Everybody in Afghanistan would like to see the armed groups being disarmed

Tayyeb Jawad
Afghan president's chief of staff
Tayyeb Jawad, chief of staff of President Hamid Karzai, told the BBC that the new government needed to assert central control.

Two arrests have been announced following the killing of Qadir, who was buried in his home city of Jalalabad with full military honours on Sunday.

Two unidentified gunmen shot and killed him along with his driver outside government buildings in Kabul on Friday.

Mr Jawad said the government was considering asking international Isaf peacekeepers to help in the investigation.

"Everybody in Afghanistan would like to see the armed groups being disarmed and a general demobilisation taking place," he said.

Afghanistan is awash with weapons and munitions after decades of war.

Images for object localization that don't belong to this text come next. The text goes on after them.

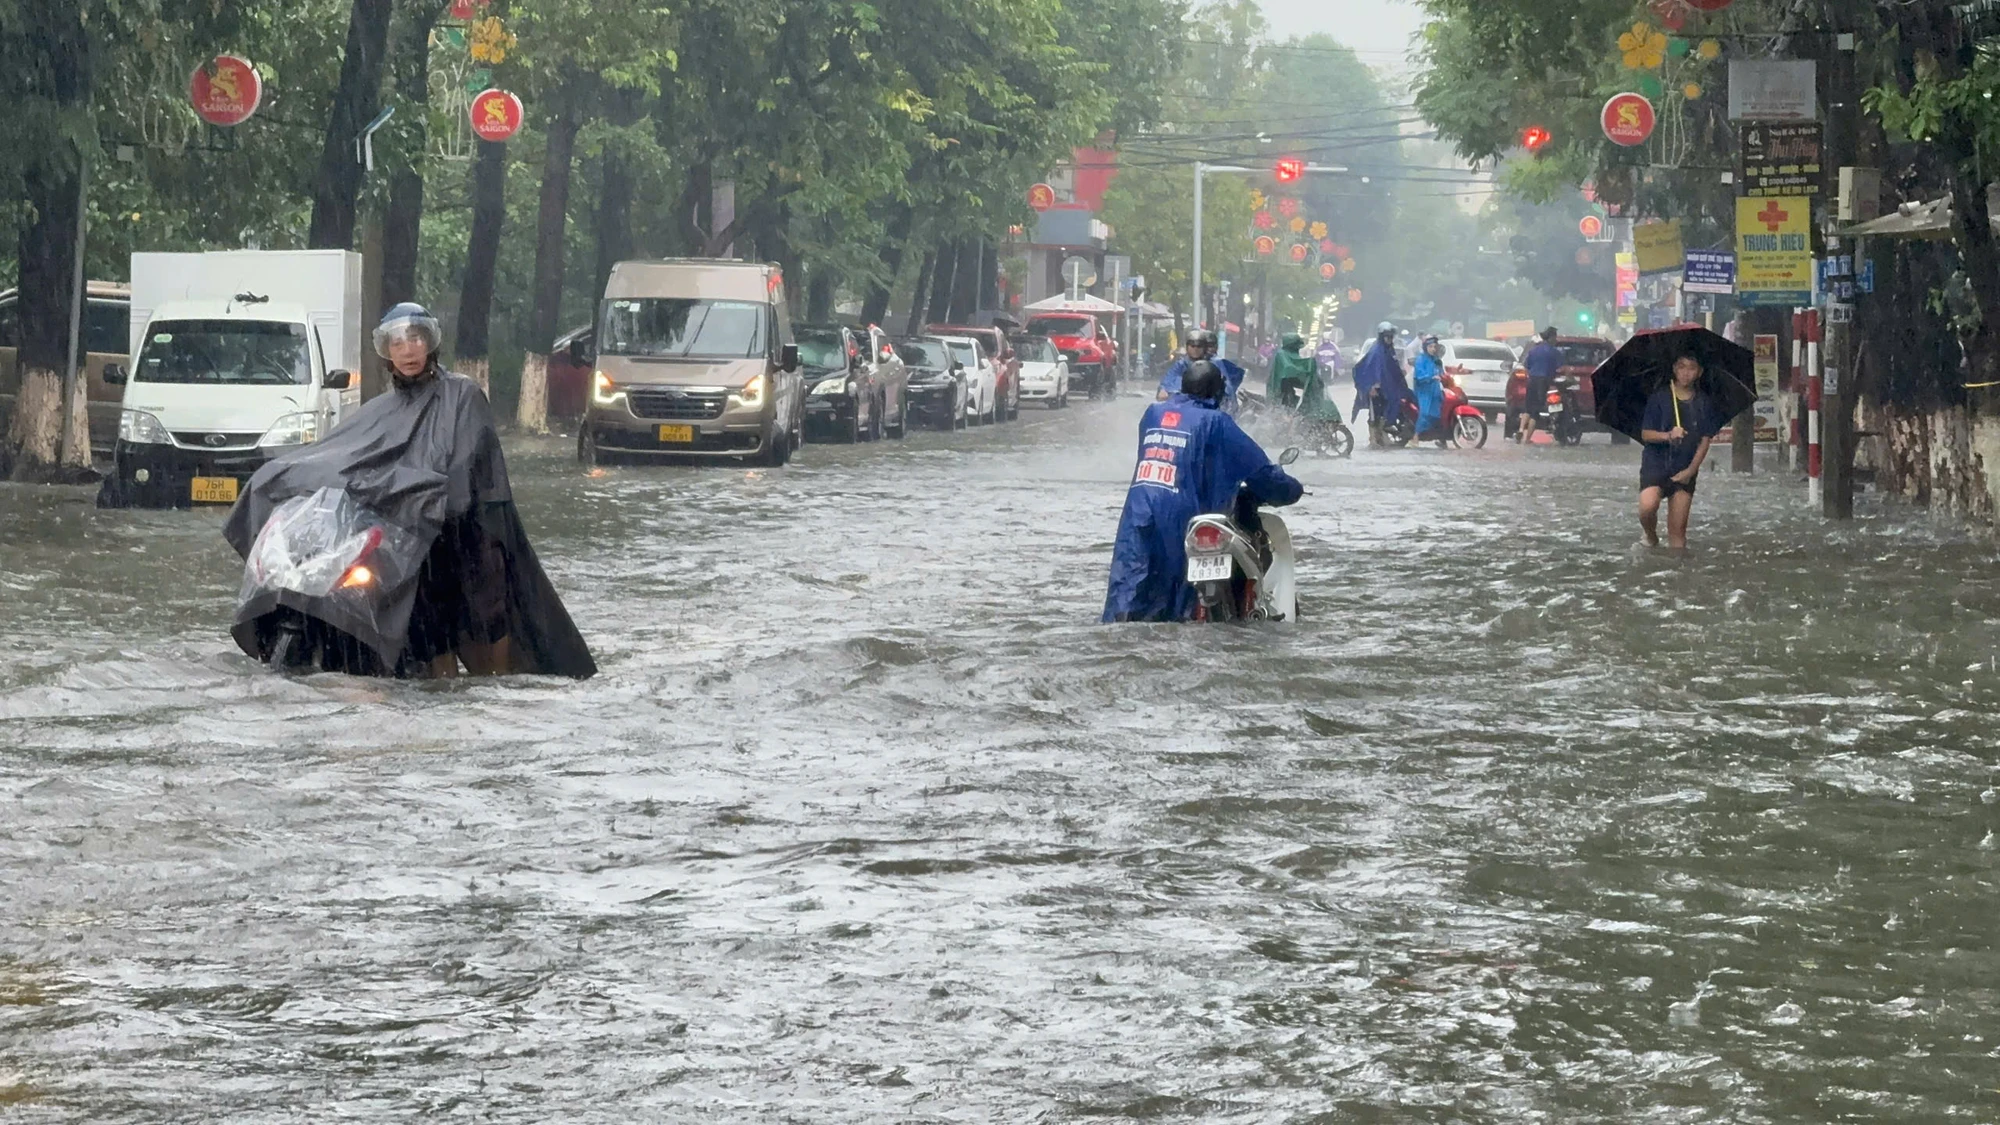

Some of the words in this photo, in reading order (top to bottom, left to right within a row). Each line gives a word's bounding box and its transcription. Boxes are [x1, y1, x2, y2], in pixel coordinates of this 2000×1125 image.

[202, 103, 244, 112] SAIGON
[480, 124, 510, 132] SAIGON
[1610, 127, 1642, 136] SAIGON
[1743, 234, 1777, 251] TRUNG
[205, 480, 225, 490] 76H
[1195, 556, 1225, 568] 76-AA

He drew a distinction between armed groups under the command of the central government and those who did "not obey the laws of Afghanistan".

Asked what plans the government had to disarm the groups, he said a commission had been formed but it would be a "gradual process".

Arrests

Afghan TV reports that two men have been arrested trying to leave Kabul in a car like the one used by Qadir's killers to escape.

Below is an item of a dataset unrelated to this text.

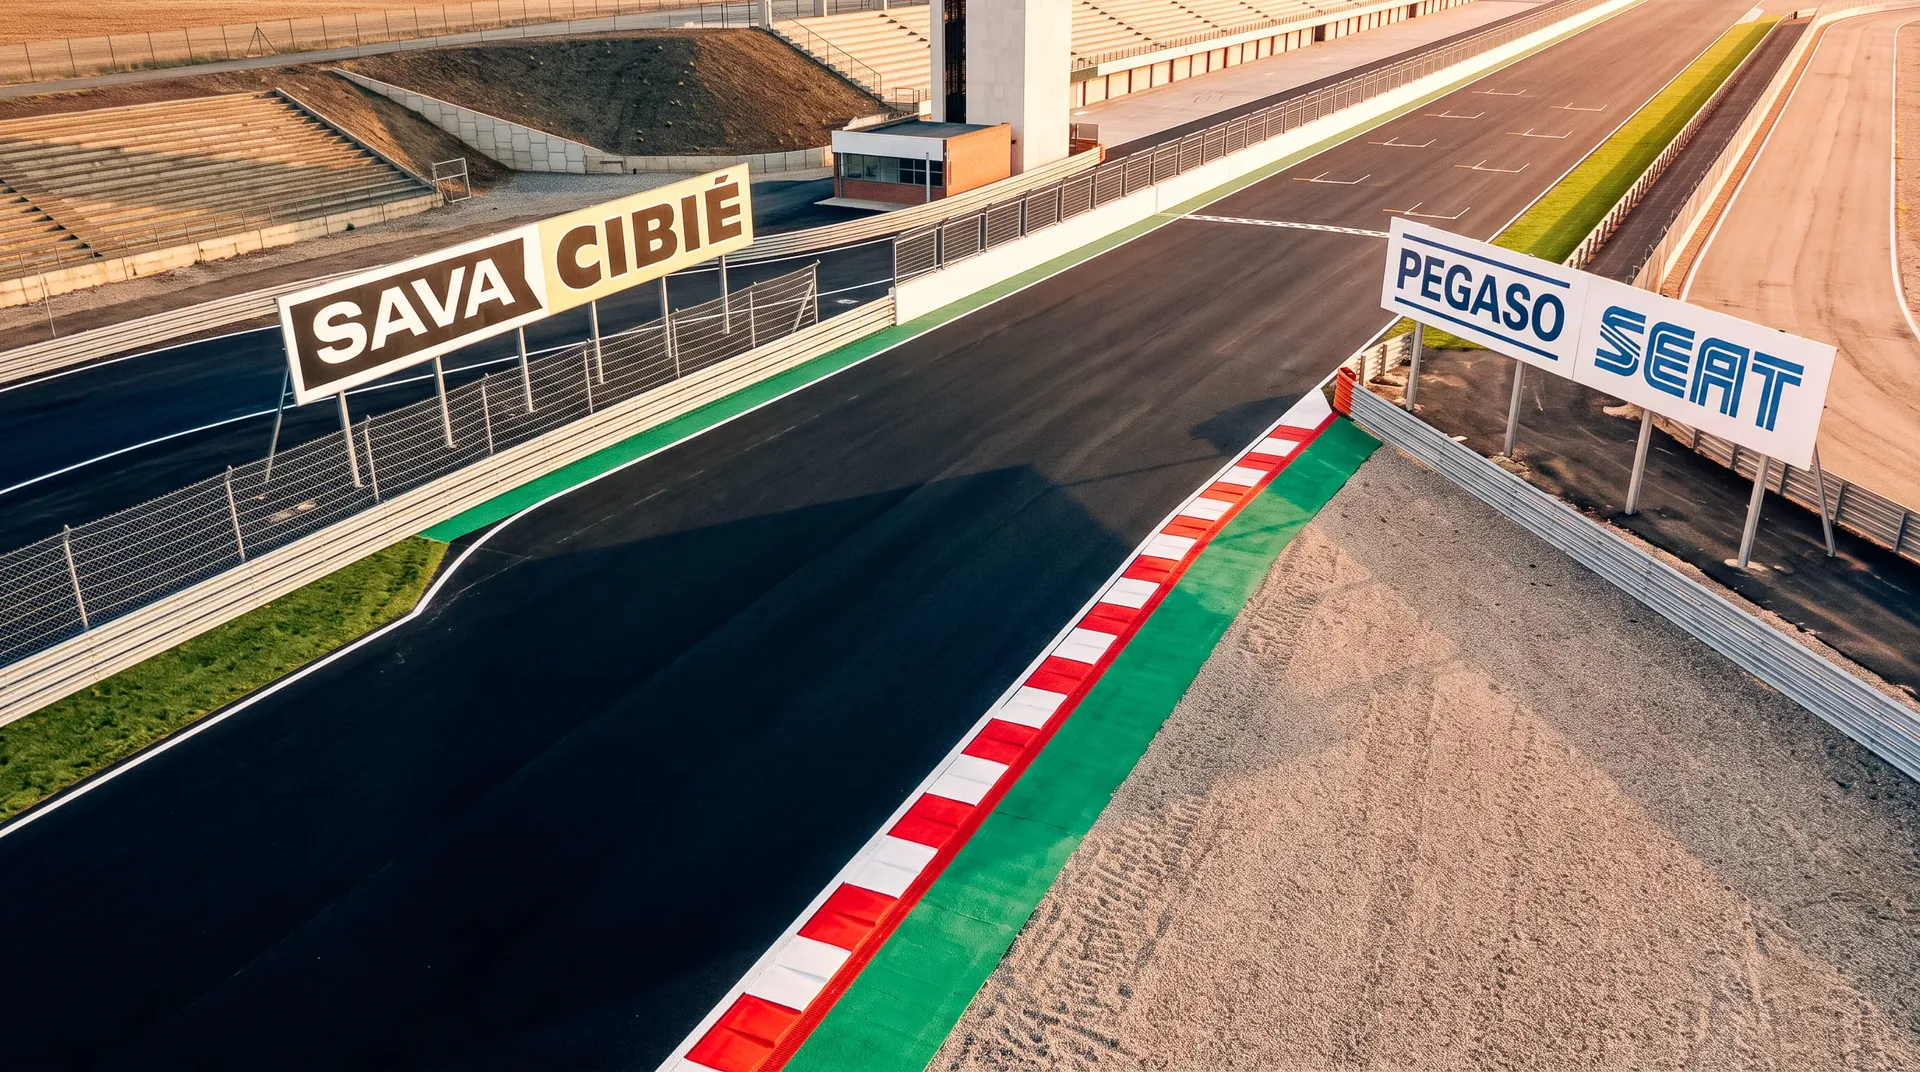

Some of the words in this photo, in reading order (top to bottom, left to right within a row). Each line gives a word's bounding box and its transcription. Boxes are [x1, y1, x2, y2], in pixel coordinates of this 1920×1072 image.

[556, 174, 742, 290] CIBIÉ
[313, 258, 516, 365] SAVA
[1397, 248, 1566, 342] PEGASO
[1594, 305, 1804, 432] SEAT

The two men have been handed over to the special commission investigating the killings.

In the immediate aftermath of the attack, 10 guards on duty at the Ministry of Works where Qadir was killed were arrested for failing to react properly, local police said.

Pashtun voice

Qadir was, along with Mr Karzai, one of the few members of Afghanistan's dominant Pashtun community to have a prominent post in the government.

Haji Abdul Qadir
Qadir was a rare Pashtun voice in the government
The BBC's Rahimullah Yusufzai reports that, in the wake of the killing, Pashtun leaders have renewed demands for the ethnic make-up of the government to resemble more closely that of the country.

They want more Pashtuns instead of the current Tajik monopoly - a cause also promoted by Qadir.

Qadir, who will be remembered by national mourning on Tuesday, was an influential figure in the country's mainly Pashtun eastern provinces.

US concern

President Karzai has admitted his security forces may lack the "professional skills and equipment" needed to catch the killers and may turn to foreign organisations for help.

Afghan fighter guards US helicopter at Kakarak, southern Afghanistan
The US already has 7,000 troops in Afghanistan
President George W Bush said after the killing that the US should step up work to train the nascent Afghan army but he faces calls at home to give greater direct military support.

For Senator Chuck Hagel, who serves on the Senate Foreign Relations Committee, US prestige is at stake.

"I fear that we may see this government and our efforts unwind here if we don't make the appropriate investment of men and effort and resources," he said.

"If we lose there, if this goes backward, this will be a huge defeat for us symbolically in that region, in the world."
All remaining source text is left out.